- _Provided information_
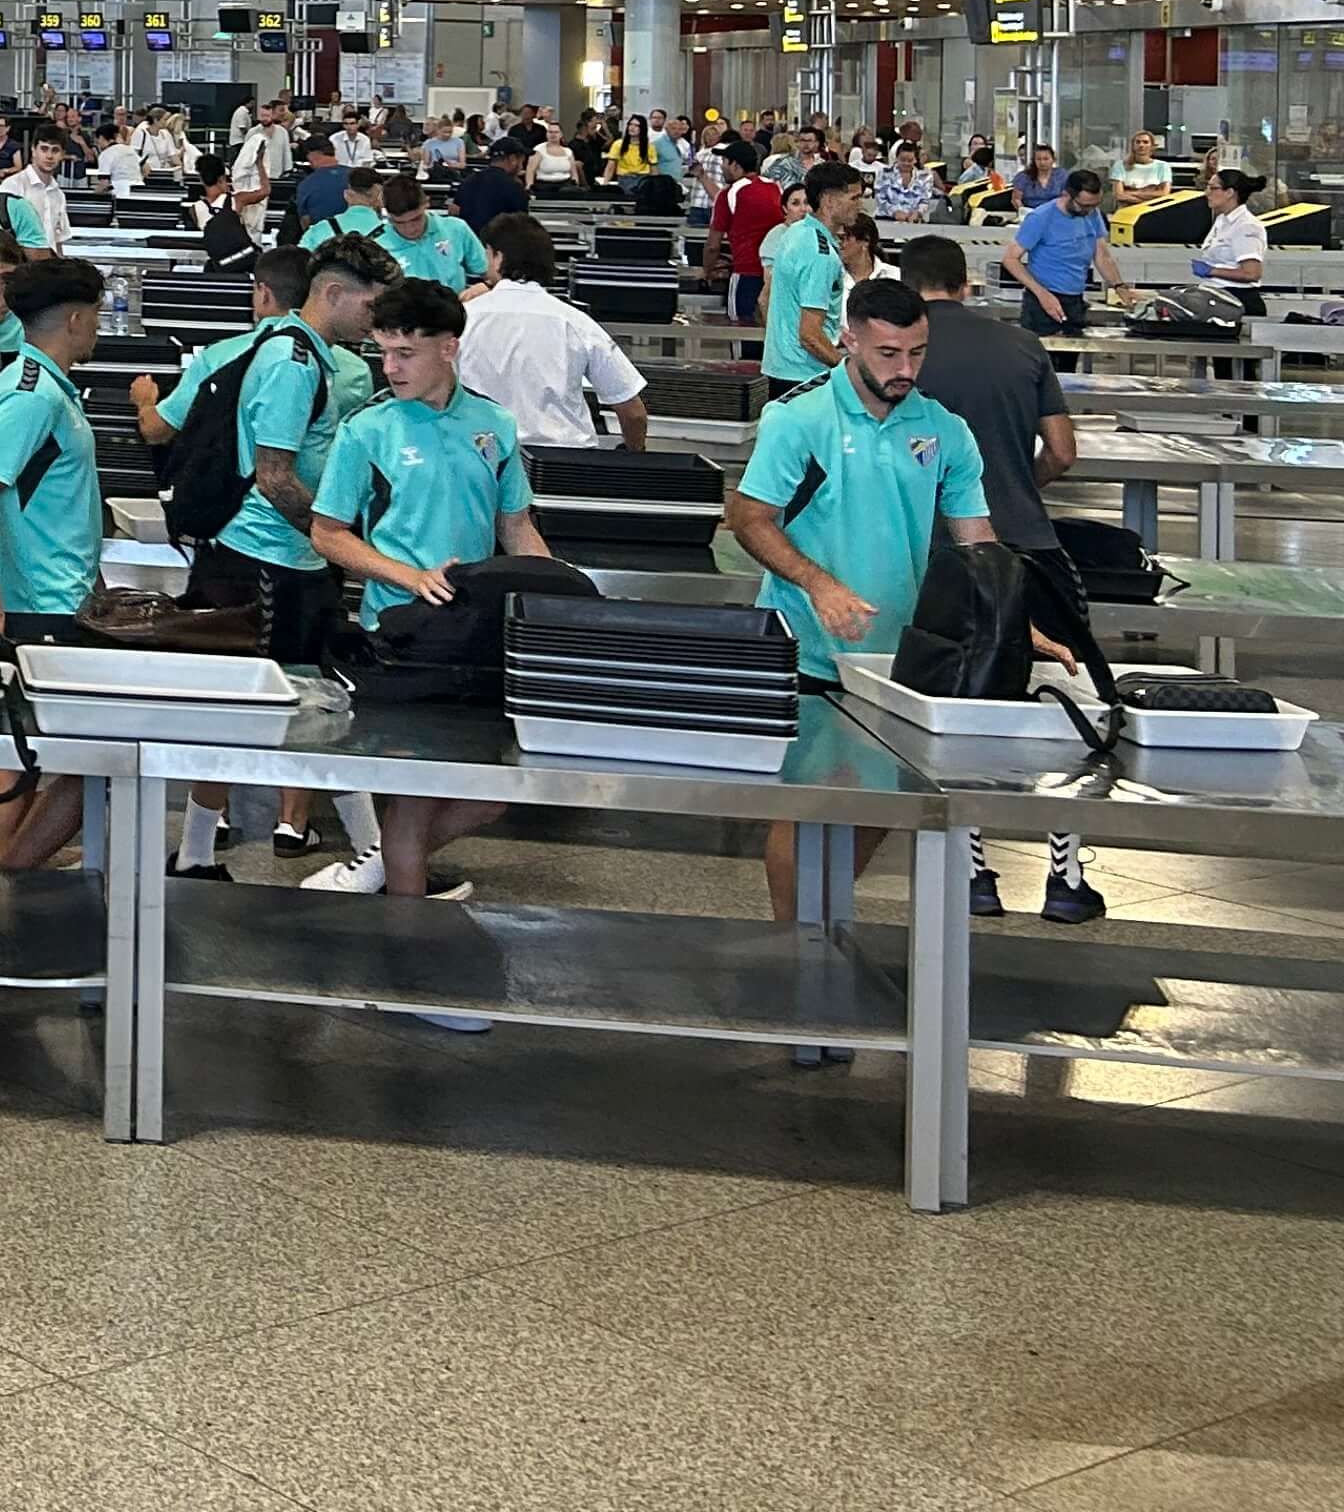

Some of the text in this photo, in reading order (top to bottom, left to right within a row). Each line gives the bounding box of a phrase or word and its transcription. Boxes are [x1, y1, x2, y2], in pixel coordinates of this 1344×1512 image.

[40, 14, 60, 27] 359
[80, 14, 101, 27] 360
[145, 14, 166, 27] 361
[258, 14, 281, 27] 362

- _Assigned task_
The entries above need to be transcribed exactly, with the images left out.

- _Answer box_
Some of the text in this photo, in reading order (top to bottom, left to right within a row). Each line gives the bounding box of a phrase or word and its transcription. Boxes are [x1, y1, x2, y2], in pixel coordinates of this 1344×1512 image.

[40, 14, 60, 27] 359
[80, 14, 101, 27] 360
[145, 14, 166, 27] 361
[258, 14, 281, 27] 362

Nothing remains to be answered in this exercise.